Jason Cramer, Vincent Lostanlen, Andrew Farnsworth, Justin Salamon, and Juan Pablo Bello
Proceedings of the IEEE International Conference on Acoustics, Speech, and Signal Processing (ICASSP)
Publication year: 2020

Class imbalance in the training data hinders the generalization ability of machine listening systems. In the context of bioacoustics, this issue may be circumvented by aggregating species labels into super-groups of higher taxonomic rank: genus, family, order, and so forth. However, different applications of machine listening to wildlife monitoring may require different levels of granularity. This paper introduces TaxoNet, a deep neural network for structured classification of signals from living organisms.
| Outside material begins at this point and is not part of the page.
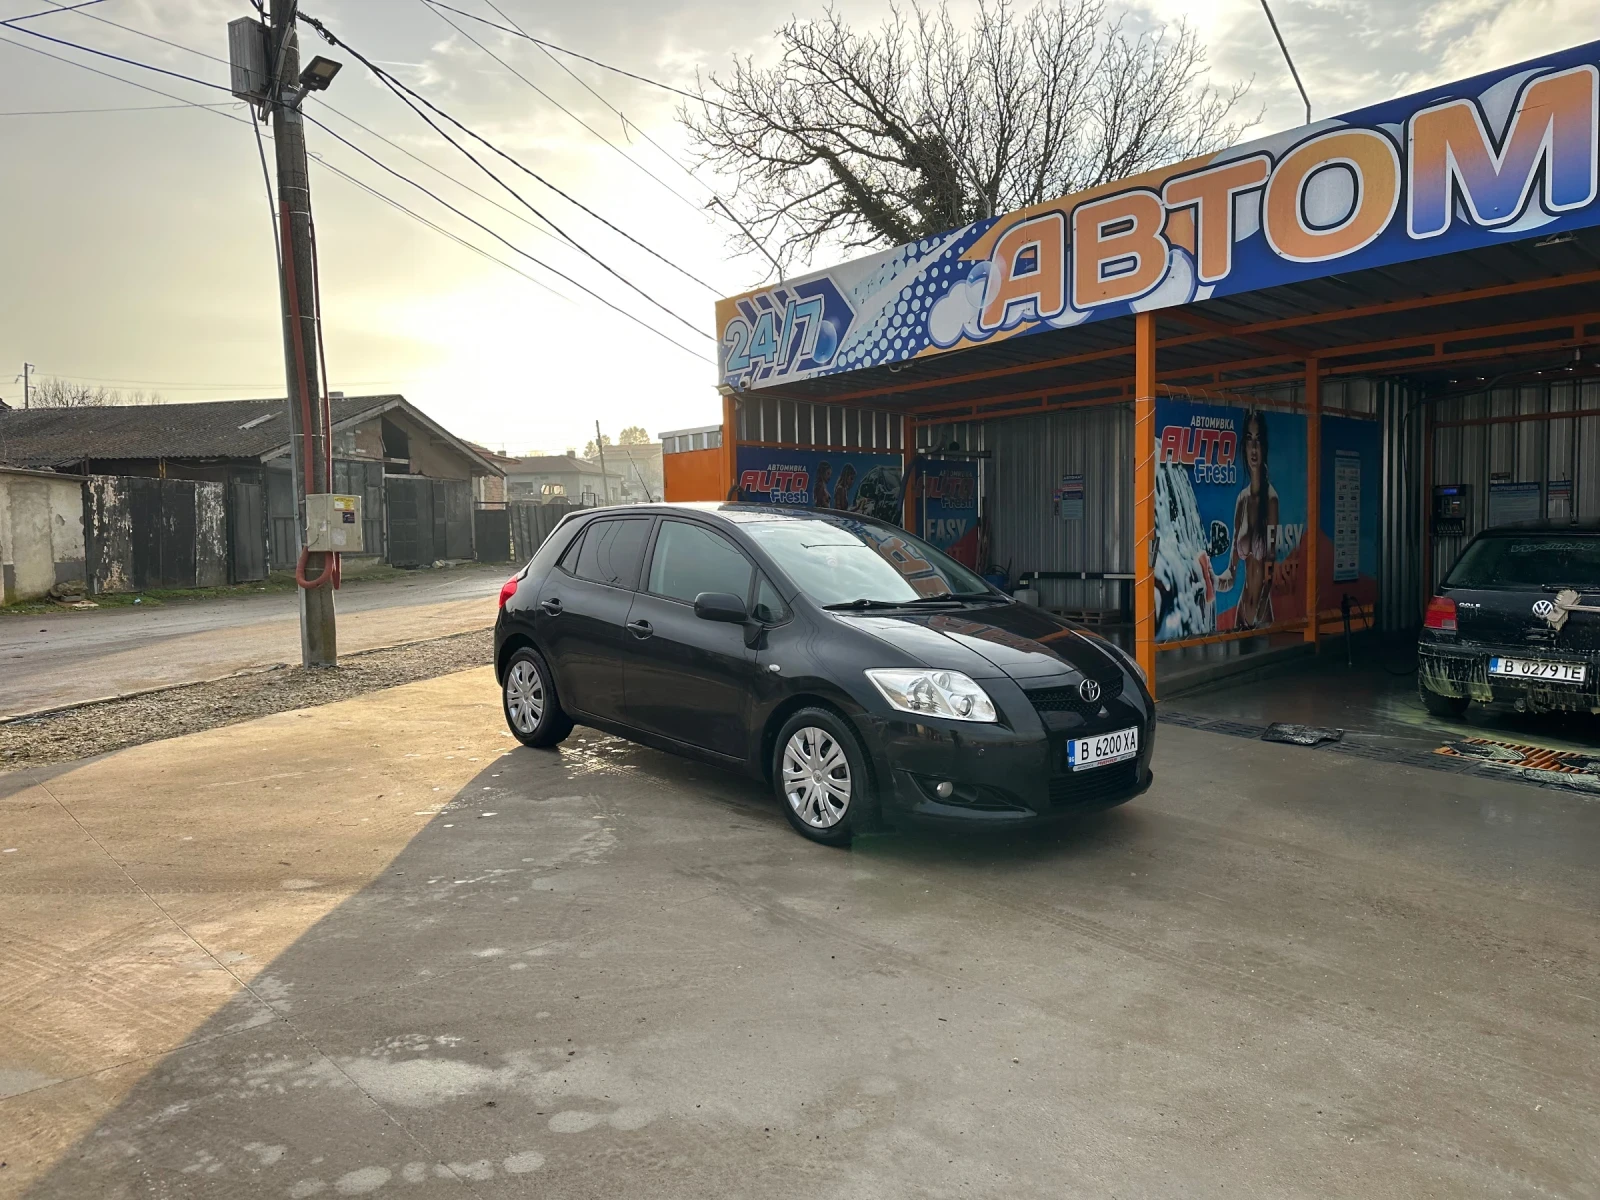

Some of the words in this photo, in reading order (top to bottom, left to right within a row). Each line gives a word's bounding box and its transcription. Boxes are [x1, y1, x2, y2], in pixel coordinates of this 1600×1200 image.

TaxoNet is trained as a multitask and multilabel model, following a new architectural principle in end-to-end learning named “hierarchical composition”: shallow layers extract a shared representation to predict a root taxon, while deeper layers specialize recursively to lower-rank taxa. In this way, TaxoNet is capable of handling taxonomic uncertainty, out-of-vocabulary labels, and open-set deployment settings. An experimental benchmark on two new bioacoustic datasets (ANAFCC and BirdVox-14SD) leads to state-of-the-art results in bird species classification. Furthermore, on a task of coarse-grained classification, TaxoNet also outperforms a flat single-task model trained on aggregate labels.